In the 1980s, he received his first honorary doctorate from the College at Old Westbury.

In 1992, he received his second honorary doctorate from Hunter College in New York and was inducted into the National Congressional Record. He received an honorary degree from Columbia University in 1999, and the Latin Grammy Award for Best Tropical Traditional Performance for “Mambo Birdland” in 2000.

Despite being in his 70s in the early 1990s, Puente – who with his wife, Margie Asención, had three children – maintained a busy touring schedule that took him to Russia, Japan, and Puerto Rico. But in January 1994, he told Vionette Negretti of the San Juan Star newspaper that he planned to slow down: “There are a lot of young people who need to develop their talents and old people like me need to give them their space.

Tito Puente was internationally recognized for his contributions to Latin music as an arranger, bandleader, composer and percussionist. Tito Puente did more than just earn the top spot among Latin jazz musicians, working continuously from 1937 to 2000. Known as the Mambo King, he recorded more than 100 albums, released more than 400 compositions, and earned five Grammy Awards.

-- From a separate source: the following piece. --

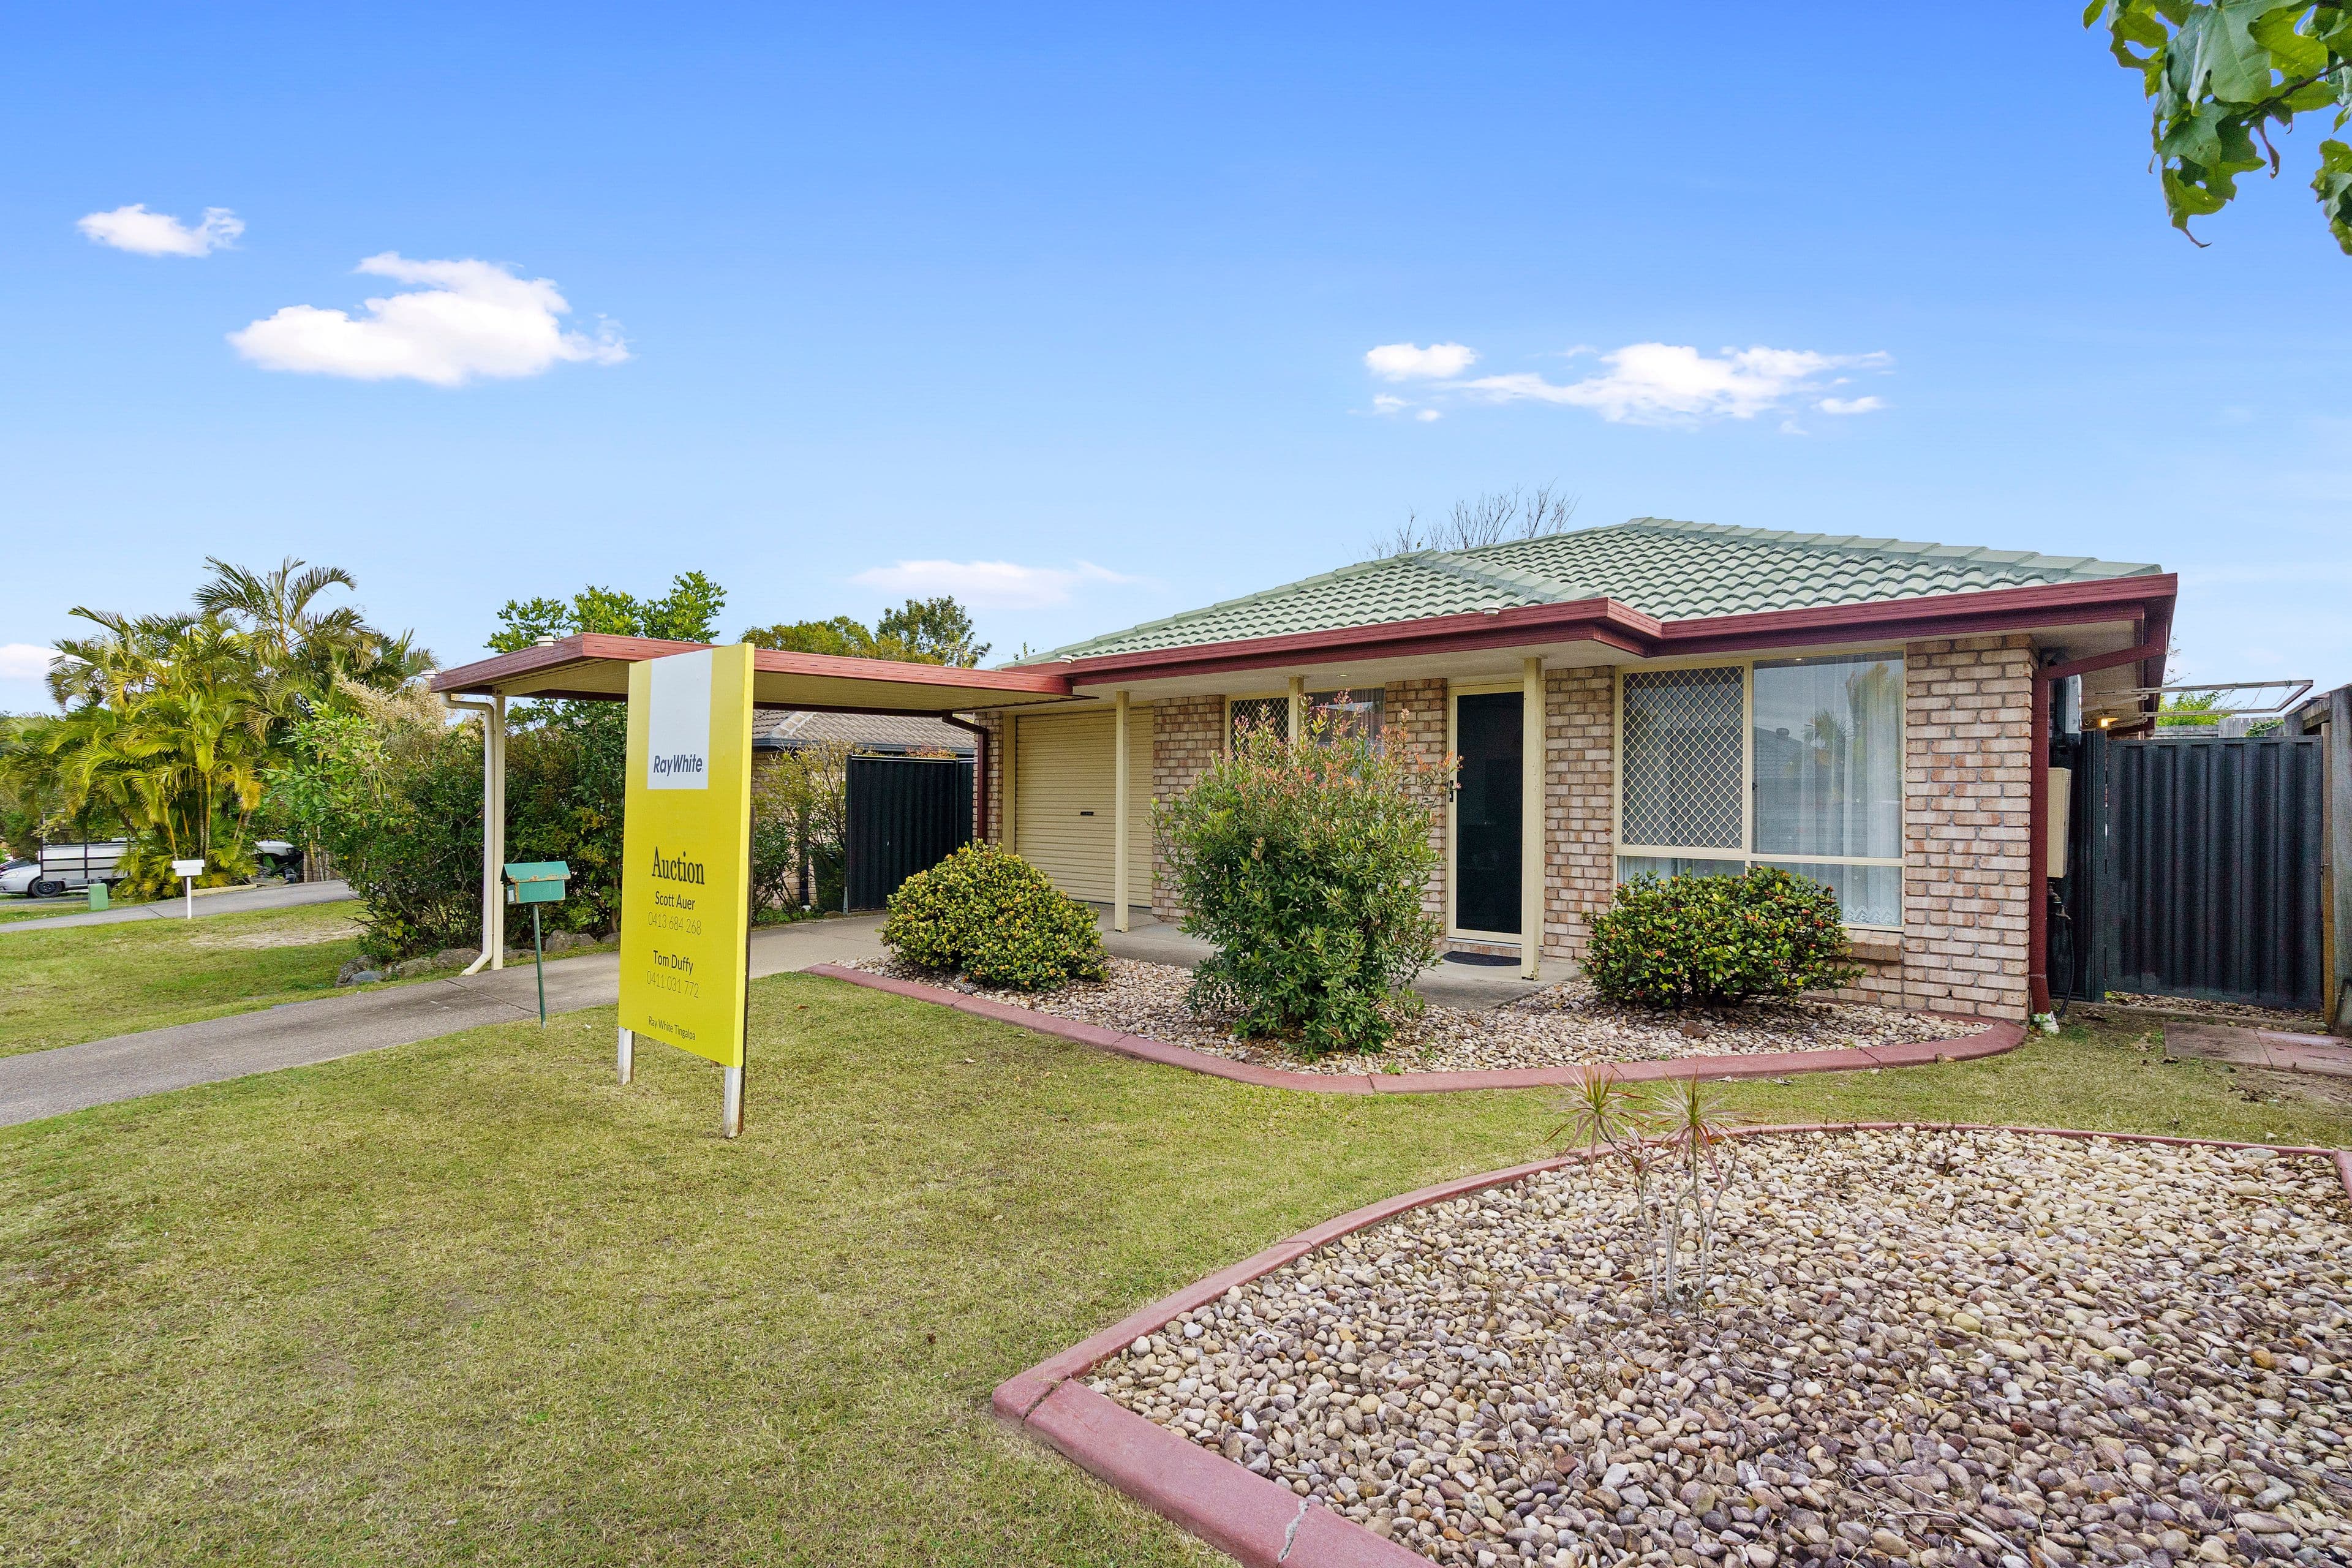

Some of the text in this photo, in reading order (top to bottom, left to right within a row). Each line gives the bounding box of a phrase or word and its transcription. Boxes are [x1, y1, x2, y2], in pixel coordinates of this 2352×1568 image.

Tito Puente’s good will, talent and spirit led him to close racial, cultural and generational gaps.

Puente passed away after undergoing heart surgery on May 31, 2000, in New York. He was 77 years old.

Oscar D’ León Bio

Born in 1943, Oscar D’ León is one of the references when it comes to salsa music. In his beginnings, and influenced mainly by Benny Moré and by the Cuban sound that since he was a child was already part of his life because of the records his father listened to all day long; Oscar was an amateur singer while he earned his living working in his cab and in the General Motors factory in Caracas.

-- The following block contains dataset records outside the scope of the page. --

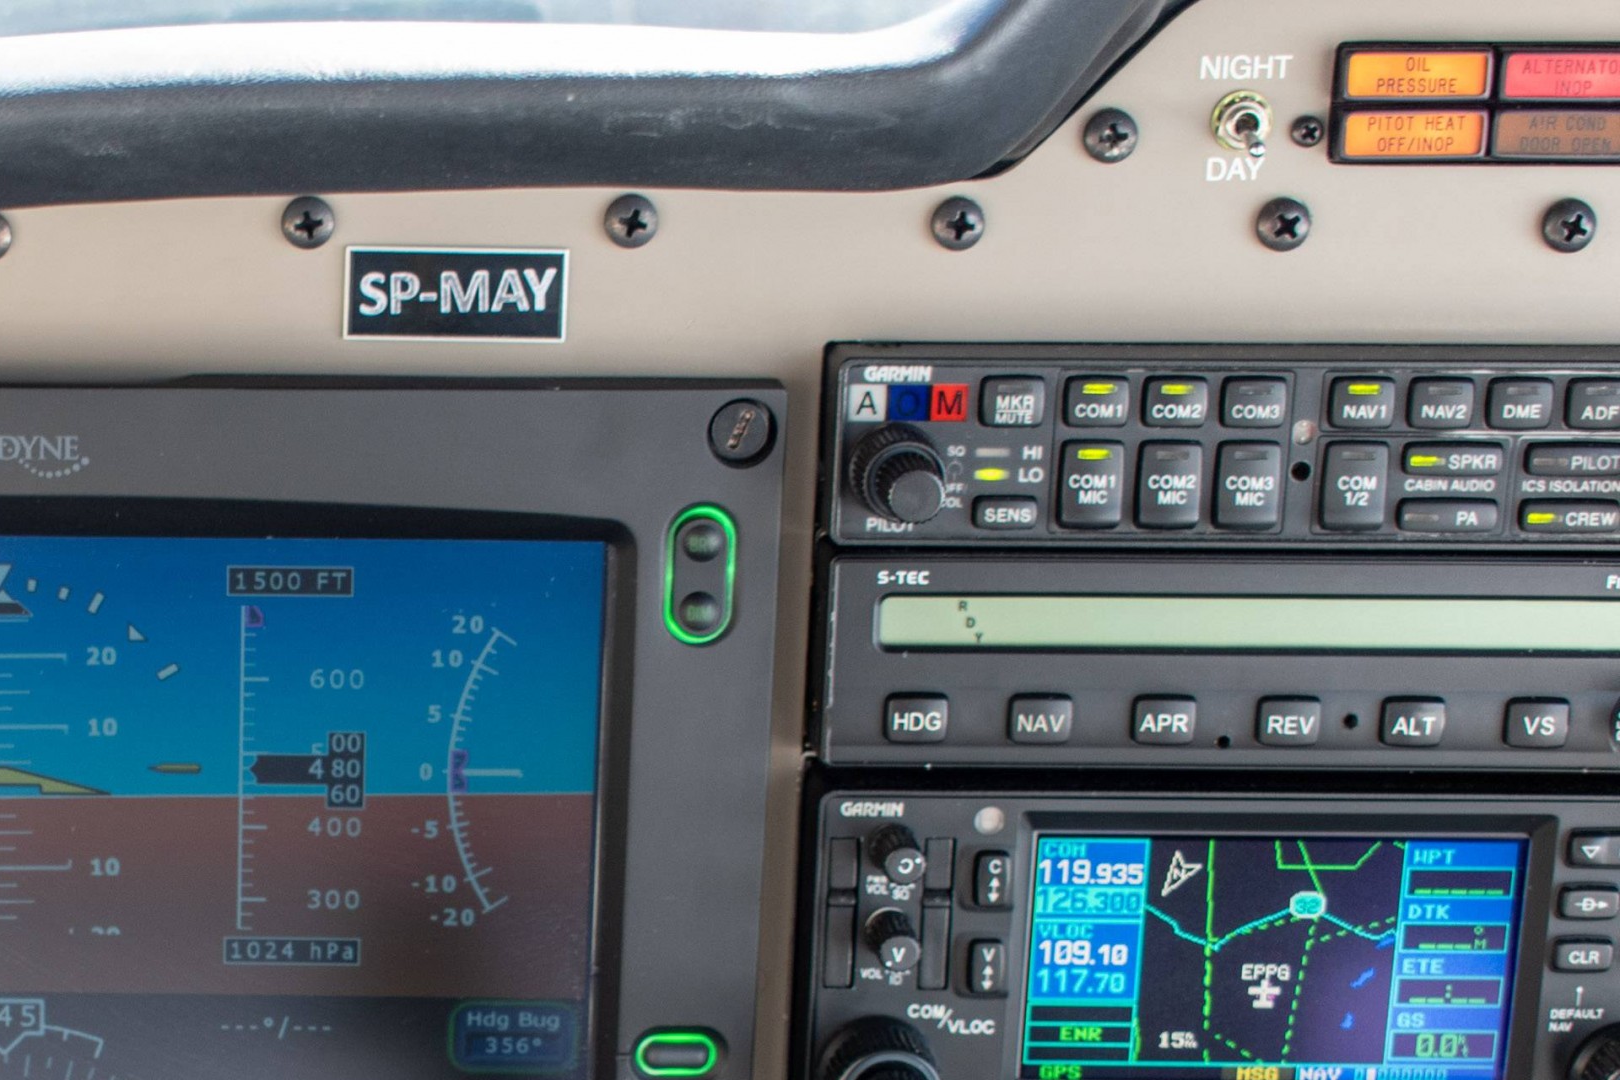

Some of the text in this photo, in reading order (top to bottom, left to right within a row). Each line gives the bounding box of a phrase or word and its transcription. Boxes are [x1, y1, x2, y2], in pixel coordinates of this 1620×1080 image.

[1200, 54, 1293, 80] NIGHT
[1406, 58, 1430, 73] OIL
[1376, 79, 1457, 94] PRESSURE
[1367, 116, 1465, 131] PITOT HEAT
[1377, 138, 1454, 152] OFF/INOP
[1206, 156, 1264, 181] DAY
[359, 268, 556, 315] SP-MAY
[863, 367, 931, 382] GARMIN
[1075, 404, 1122, 418] COM1
[1152, 404, 1202, 418] COM2
[1231, 405, 1280, 419] COM3
[1421, 405, 1466, 419] NAV2
[1448, 455, 1496, 470] SPKR
[1068, 474, 1115, 488] COM1
[1148, 475, 1195, 489] COM2
[1158, 491, 1187, 505] MIC
[1235, 492, 1264, 506] MIC
[984, 508, 1031, 522] SENS
[1456, 512, 1478, 526] PA
[1565, 512, 1615, 526] CREW
[235, 573, 347, 590] 1500 FT
[453, 616, 484, 634] 20
[86, 648, 116, 665] 20
[433, 651, 462, 667] 10
[310, 670, 364, 689] 600
[88, 719, 118, 736] 10
[893, 712, 941, 731] HDG
[1017, 714, 1065, 732] NAV
[1139, 715, 1188, 733] APR
[1267, 716, 1315, 735] REV
[1391, 717, 1436, 735] ALT
[1523, 716, 1555, 735] VS
[840, 802, 904, 817] GARMIN
[308, 818, 361, 836] 400
[91, 858, 120, 875] 10
[1039, 860, 1143, 884] 119.935
[308, 891, 360, 909] 300
[1039, 924, 1093, 938] VLOC
[231, 943, 354, 959] 1024 hPa
[1039, 940, 1128, 965] 109.10
[1242, 965, 1289, 980] EPPG
[1402, 959, 1443, 974] ETE
[1037, 970, 1124, 993] 117.70
[467, 1012, 560, 1030] Hdg Bug
[1398, 1013, 1424, 1027] GS
[1040, 1065, 1080, 1080] GPS

In 1973 he created with trombonist Cesar Monge his first band, La Dimensión Latina, where Oscar started singing and playing bass, and had a big hit: “Pensando En Ti”. In their first album the songs were not enough, so they had to record a shared album with El Clan de Victor Mendoza.

In 1976 he formed Salsa Mayor and then settled down with his big band Oscar D’ León y su Orquesta. Since then Oscar has not stopped performing all over the world, improvising on any line of any melody, and recording many of the best albums in the history of salsa.

Great singer, improviser of inspiration, stage beast, perfectionist: Venezuela’s greatest star combines musical talent and human qualities unanimously celebrated: the substance with which the greats are born.

It was at the wheel of his cab, or at the General Motors factory in Caracas, who employed him until 1967, or perhaps in the popular Antimano neighborhood of Caracas, where he saw the day for the first time on July 11, 1943, that Oscar Emilio León Dionisia, alias El Diablo de la Salsa, alias El León, launched his first songs, and sharpened his vocal cords.

Coming from a modest background, he is also a self-taught musician who starts on other strings, those of the double bass: watching the musicians play and playing over the records.

Still today, Oscar is faithful to him and his double bass is never far from him when he is on stage. He sometimes takes over a bar, a solo, a few dance steps or a turn on the dance floor, as if this old accomplice were a source of resources for him.

It is possible that the Latin Dimension project was born, founded in 1972 by Oscar D’Leon, percussionist Wladimir Lozano, percussionist José Rodríguez and trombonist Cesar “Albóndiga” Monge, where the arrangements will make the ensemble thunder.

The group sounds like a New York salsa, its impact is strong and Dimensión Latina quickly makes a name for itself in the clubs of Caracas. The success is so fast that there are only a few numbers left to record and the group has to share their first album with Victor Mendoza. It is also the time of the first hit number, Pensando en ti.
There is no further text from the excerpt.